◆ What the task requires ◆
Extract the final stretch of the data: the line that contains "this 1250×1667 image." and every line after it, unaltered, and no other lines.

◆ Data provided ◆
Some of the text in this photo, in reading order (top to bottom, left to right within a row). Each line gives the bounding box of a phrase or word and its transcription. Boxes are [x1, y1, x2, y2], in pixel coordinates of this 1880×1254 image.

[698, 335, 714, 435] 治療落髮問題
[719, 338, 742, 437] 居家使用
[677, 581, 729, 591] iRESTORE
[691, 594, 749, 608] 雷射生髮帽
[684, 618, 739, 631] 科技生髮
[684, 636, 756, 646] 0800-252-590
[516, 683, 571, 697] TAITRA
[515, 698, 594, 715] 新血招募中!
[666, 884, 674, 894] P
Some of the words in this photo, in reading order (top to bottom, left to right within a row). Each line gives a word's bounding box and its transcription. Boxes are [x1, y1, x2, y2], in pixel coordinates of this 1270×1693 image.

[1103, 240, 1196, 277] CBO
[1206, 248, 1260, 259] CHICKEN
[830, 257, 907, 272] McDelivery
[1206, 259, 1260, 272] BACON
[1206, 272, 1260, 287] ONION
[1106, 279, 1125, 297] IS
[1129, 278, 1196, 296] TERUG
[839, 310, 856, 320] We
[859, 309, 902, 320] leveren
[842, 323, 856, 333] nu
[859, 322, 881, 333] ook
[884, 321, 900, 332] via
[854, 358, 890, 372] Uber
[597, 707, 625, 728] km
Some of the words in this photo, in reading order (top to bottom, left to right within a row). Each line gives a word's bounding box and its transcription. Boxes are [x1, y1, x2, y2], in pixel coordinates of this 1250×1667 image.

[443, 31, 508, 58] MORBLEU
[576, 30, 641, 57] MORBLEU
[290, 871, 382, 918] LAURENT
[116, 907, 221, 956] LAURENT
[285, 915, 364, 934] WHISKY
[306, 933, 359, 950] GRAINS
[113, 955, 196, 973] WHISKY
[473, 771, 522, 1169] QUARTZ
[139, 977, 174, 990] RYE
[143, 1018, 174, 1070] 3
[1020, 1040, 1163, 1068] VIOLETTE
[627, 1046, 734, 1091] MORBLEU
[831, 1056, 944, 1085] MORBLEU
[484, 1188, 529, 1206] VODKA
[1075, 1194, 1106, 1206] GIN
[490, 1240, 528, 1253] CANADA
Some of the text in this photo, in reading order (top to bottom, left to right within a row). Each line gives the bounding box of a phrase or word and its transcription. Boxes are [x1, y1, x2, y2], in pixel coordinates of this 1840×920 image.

◆ Result ◆
Some of the words in this photo, in reading order (top to bottom, left to right within a row). Each line gives a word's bounding box and its transcription. Boxes are [x1, y1, x2, y2], in pixel coordinates of this 1250×1667 image.

[443, 31, 508, 58] MORBLEU
[576, 30, 641, 57] MORBLEU
[290, 871, 382, 918] LAURENT
[116, 907, 221, 956] LAURENT
[285, 915, 364, 934] WHISKY
[306, 933, 359, 950] GRAINS
[113, 955, 196, 973] WHISKY
[473, 771, 522, 1169] QUARTZ
[139, 977, 174, 990] RYE
[143, 1018, 174, 1070] 3
[1020, 1040, 1163, 1068] VIOLETTE
[627, 1046, 734, 1091] MORBLEU
[831, 1056, 944, 1085] MORBLEU
[484, 1188, 529, 1206] VODKA
[1075, 1194, 1106, 1206] GIN
[490, 1240, 528, 1253] CANADA
Some of the text in this photo, in reading order (top to bottom, left to right within a row). Each line gives the bounding box of a phrase or word and its transcription. Boxes are [x1, y1, x2, y2], in pixel coordinates of this 1840×920 image.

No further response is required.